Na visão dele, uma simples cobrança pode tornar-se um dano à moral dos inquilinos quando o locador usa meios ilícitos e constrangedores para que o devedor pague a dívida e quando esses atos são presenciados por outras pessoas. “Caso contrário, a reputação do devedor não estará em risco”, diferencia.
Além disso, Loureiro ressalta que, caso o proprietário tenha cometido somente a cobrança vexatória, sem emprego de violência ou ameaça, ele poderia responder a um processo criminal. “Se condenado, a pena de detenção pode ser de 15 dias a um mês, ou multa”, observa.
“Todavia, se ele praticou outros crimes durante a cobrança vexatória, com prática de violência e/ou ameaça, além da cobrança vexatória, também vai responder por isso”, complementando que a pessoa ainda pode responder por dano moral e material e ser condenada a ressarcir os prejuízos sofridos pelo locatário.
Para o advogado imobiliário e vice-presidente da Associação Empresas do Mercado Imobiliário do Espírito Santo (Ademi-ES), Gilmar Custódio, ao exercer o exercício de cobrança de um direito, o proprietário adotou um caminho equivocado.
“Em vez disso, ele deveria ter proposto a ação contra o locatário, com base no que estava firmado no contrato, pedindo o pagamento do valor do aluguel e dos demais encargos do condomínio, junto com os juros e outras penalidades contratuais e, se fosse preciso, até mesmo pedir o bloqueio de bens”, explica.
Isso porque, para ele, ninguém pode ser exposto ao ridículo, muito menos na Internet, ambiente onde as pessoas são julgadas a todo momento, mesmo sem provas.
“A violação do direito de outra pessoa precisa ser reparada. Afinal, quem nunca deveu algo que atire a primeira pedra. O correto seria a adoção de medidas legais, como a notificação e a ação junto à Justiça, sempre amparado por um profissional jurídico. Por conta de uma atitude mal pensada, além de não receber o valor a que o proprietário tem direito, ele ainda terá de indenizar os seus inquilinos”, analisa.
Os especialistas explicam que se deve procurar um advogado e ingressar com uma ação de indenização por danos morais contra o locador.
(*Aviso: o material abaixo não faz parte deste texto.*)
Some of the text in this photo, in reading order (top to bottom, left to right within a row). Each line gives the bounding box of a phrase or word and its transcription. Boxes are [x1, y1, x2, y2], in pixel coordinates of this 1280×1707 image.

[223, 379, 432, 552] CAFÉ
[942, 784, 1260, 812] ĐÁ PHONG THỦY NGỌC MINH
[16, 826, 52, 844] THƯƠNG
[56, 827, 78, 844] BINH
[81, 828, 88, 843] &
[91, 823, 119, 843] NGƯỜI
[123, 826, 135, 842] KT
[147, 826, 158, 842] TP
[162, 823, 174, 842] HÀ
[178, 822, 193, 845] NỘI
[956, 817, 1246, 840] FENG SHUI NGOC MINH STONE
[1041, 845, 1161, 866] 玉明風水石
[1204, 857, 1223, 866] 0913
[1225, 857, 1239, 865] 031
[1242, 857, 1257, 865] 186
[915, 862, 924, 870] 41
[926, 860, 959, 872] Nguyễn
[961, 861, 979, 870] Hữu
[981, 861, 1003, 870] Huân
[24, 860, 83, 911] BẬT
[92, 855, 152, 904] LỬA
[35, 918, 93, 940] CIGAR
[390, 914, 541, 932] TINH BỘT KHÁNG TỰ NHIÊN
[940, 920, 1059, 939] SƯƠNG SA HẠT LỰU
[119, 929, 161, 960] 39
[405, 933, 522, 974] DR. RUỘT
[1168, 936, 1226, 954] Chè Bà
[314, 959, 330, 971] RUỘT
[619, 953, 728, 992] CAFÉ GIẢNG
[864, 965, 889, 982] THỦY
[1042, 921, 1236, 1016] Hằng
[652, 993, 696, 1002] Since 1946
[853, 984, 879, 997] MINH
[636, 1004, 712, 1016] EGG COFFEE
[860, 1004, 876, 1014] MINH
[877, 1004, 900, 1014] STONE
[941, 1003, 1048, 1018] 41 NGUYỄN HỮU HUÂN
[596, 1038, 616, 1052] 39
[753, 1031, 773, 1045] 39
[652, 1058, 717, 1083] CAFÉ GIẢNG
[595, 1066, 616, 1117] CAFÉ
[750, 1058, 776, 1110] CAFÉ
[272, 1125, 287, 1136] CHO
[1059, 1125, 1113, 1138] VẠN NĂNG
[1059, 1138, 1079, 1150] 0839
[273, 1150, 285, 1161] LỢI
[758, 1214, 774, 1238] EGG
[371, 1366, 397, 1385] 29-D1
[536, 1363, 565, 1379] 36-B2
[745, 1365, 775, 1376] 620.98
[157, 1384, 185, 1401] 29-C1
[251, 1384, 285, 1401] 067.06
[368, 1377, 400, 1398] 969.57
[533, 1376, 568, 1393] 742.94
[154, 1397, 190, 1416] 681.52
Também é possível apresentar uma queixa-crime de exercício arbitrário contra ele.
Custódio deixa uma recomendação: “A locação de um imóvel precisa ser assessorada por um profissional. Se essa relação começa de forma equivocada, a chance de problemas futuros é alta. Por isso, o locador precisa se assegurar de uma empresa ou profissional antes de firmar um contrato de aluguel”, pontua.
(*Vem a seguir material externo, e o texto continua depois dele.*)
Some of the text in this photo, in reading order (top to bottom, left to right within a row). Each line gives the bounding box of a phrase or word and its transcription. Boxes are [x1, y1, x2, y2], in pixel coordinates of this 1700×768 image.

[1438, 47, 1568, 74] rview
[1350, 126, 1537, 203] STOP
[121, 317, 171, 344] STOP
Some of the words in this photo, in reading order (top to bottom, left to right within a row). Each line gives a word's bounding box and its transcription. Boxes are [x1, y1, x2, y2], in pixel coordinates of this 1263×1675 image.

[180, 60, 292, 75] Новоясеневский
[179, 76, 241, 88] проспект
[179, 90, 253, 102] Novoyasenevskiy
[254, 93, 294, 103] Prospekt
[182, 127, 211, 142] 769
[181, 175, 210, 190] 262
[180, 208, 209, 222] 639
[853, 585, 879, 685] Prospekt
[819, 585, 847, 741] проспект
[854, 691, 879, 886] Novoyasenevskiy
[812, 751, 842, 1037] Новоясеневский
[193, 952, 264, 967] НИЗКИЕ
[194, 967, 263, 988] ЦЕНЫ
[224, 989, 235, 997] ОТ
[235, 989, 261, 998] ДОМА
Em sua defesa, o dono do imóvel argumentou que não se pode afirmar que o episódio causou danos morais, visto que foi apenas um transtorno.
Ainda de acordo com ele, o casal não trouxe aos autos provas do suposto dano moral sofrido, nem explicou as repercussões das cobranças na esfera íntima.
O juiz da Comarca de Monte Carmelo, João Marcos Luchesi, considerou provada a inadimplência da inquilina. No entanto, ele assegurou que não se prestam cobranças de débitos nas redes sociais, "sendo certo que o abuso da liberdade de expressão, potencializado em âmbito virtual, só acirra desentendimentos e prejudica toda a sociedade".
Segundo o magistrado, o exercício regular de um direito não permite excessos, como o constrangimento ou ameaças. Ele fixou em R$ 5 mil o valor da indenização.
Diante dessa decisão, o proprietário recorreu ao Tribunal, que manteve a condenação, porém reduziu a quantia para R$ 4 mil, em obediência a critérios de razoabilidade e proporcionalidade.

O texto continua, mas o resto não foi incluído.